The cell door slid open. A guard wheeled in a room-service cart. He paused briefly to stare at Pfefferkorn, lying fetal on the floor. Then he set the cart up and left.

Gradually the light in the room increased. The cell turned pink and purple and gold. The sun was a herald. The day was catching up with him. Nothing could not stop it. Pfefferkorn sat up. He was going to die today. Suddenly he felt ravenous. He attacked the food. There were croissants, half a grapefruit, Danish, coffee, a panoply of fancy jams and jellies, and an egg-white timbale in the shape of a Calabi-Yau manifold.

Everything was delicious.

The bathroom was stocked. Pfefferkorn took a shower. He shaved with an electric wet/dry shaver. He brushed his teeth and rinsed his mouth with mouthwash. He applied talcum powder and swabbed out his nose and ears. A card on the sink informed him that in order to protect the environment, a towel back on the rack would be reused, while a towel on the floor would be replaced. He dropped all the towels on the floor, including the clean ones.

His new clothes had arrived while he was showering. Everything had been laid out for him on the bed. In addition to the suit there were fresh socks and broadcloth boxers, a bright white shirt and a canary yellow necktie. Pfefferkorn pulled the pins from the shirt and put it on. The polished cotton felt good against his skin. He took the suit out of its garment bag and stepped into the pants. They fit perfectly, enough so that he didn’t need the crocodile-skin belt. He put it on anyway. The soles of the penny loafers were slippery, so he scuffed them up with a disposable emery board from the bathroom. He tied the tie, taking time to get the knot right. He held up the jacket. The lining was burgundy. The label read . He shrugged the jacket on and tugged it straight. It was snug but not overly so. He folded the white handkerchief and tucked it neatly in the lapel pocket. He went back to the bathroom and reordered his hair in the mirror. He put some petroleum jelly on his upper left lip. Except for the scab, he didn’t look too bad, and even that looked better than it had the day before. He examined himself in profile. He buttoned the suit and felt something poke him in the ribs. He patted himself down. He unbuttoned his suit. He reached into the left inside pocket and took out a piece of paper. He unfolded it. He read it. It was a list of instructions on how to escape.






88.






Pfefferkorn escaped.






89.






Stumbling from the freight elevator in the casino’s parking garage, his hair wild and his shirt torn, he saw the Town Car with the tinted windows. Two men were waiting by the rear of the car. One was blond and the other was bald. They were both dressed in black. Pfefferkorn sprinted toward them and got into the popped trunk.

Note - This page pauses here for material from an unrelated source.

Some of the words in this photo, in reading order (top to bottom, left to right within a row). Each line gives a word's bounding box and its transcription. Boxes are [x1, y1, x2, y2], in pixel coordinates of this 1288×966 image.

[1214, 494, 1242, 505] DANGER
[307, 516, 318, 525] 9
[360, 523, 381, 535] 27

The ride this time was more comfortable than it had been coming into East Zlabia. For one thing, the Lincoln’s trunk was roomier. Also, he wasn’t tied up or gagged. All the same, he had no idea who his rescuers were or where he was going. He decided to be positive and assume that the Americans had come to exfiltrate him. He bumped along. He felt the road deteriorating, as if they were headed into the countryside. He counted turns. He waited patiently. The ride went on and on. The stuffiness was like a scarf being drawn tight around his neck. He felt his brand-new suit becoming soaked with sweat. He felt the old familiar hysteria. He flailed and pounded the roof of the trunk.

The car slowed.

It stopped.

Doors opened.

The trunk swung open. Pfefferkorn blinked up at the two men in black. The blond man was holding a wad of cloth. There was also a third person. He must have been waiting in the backseat of the car when Pfefferkorn got in.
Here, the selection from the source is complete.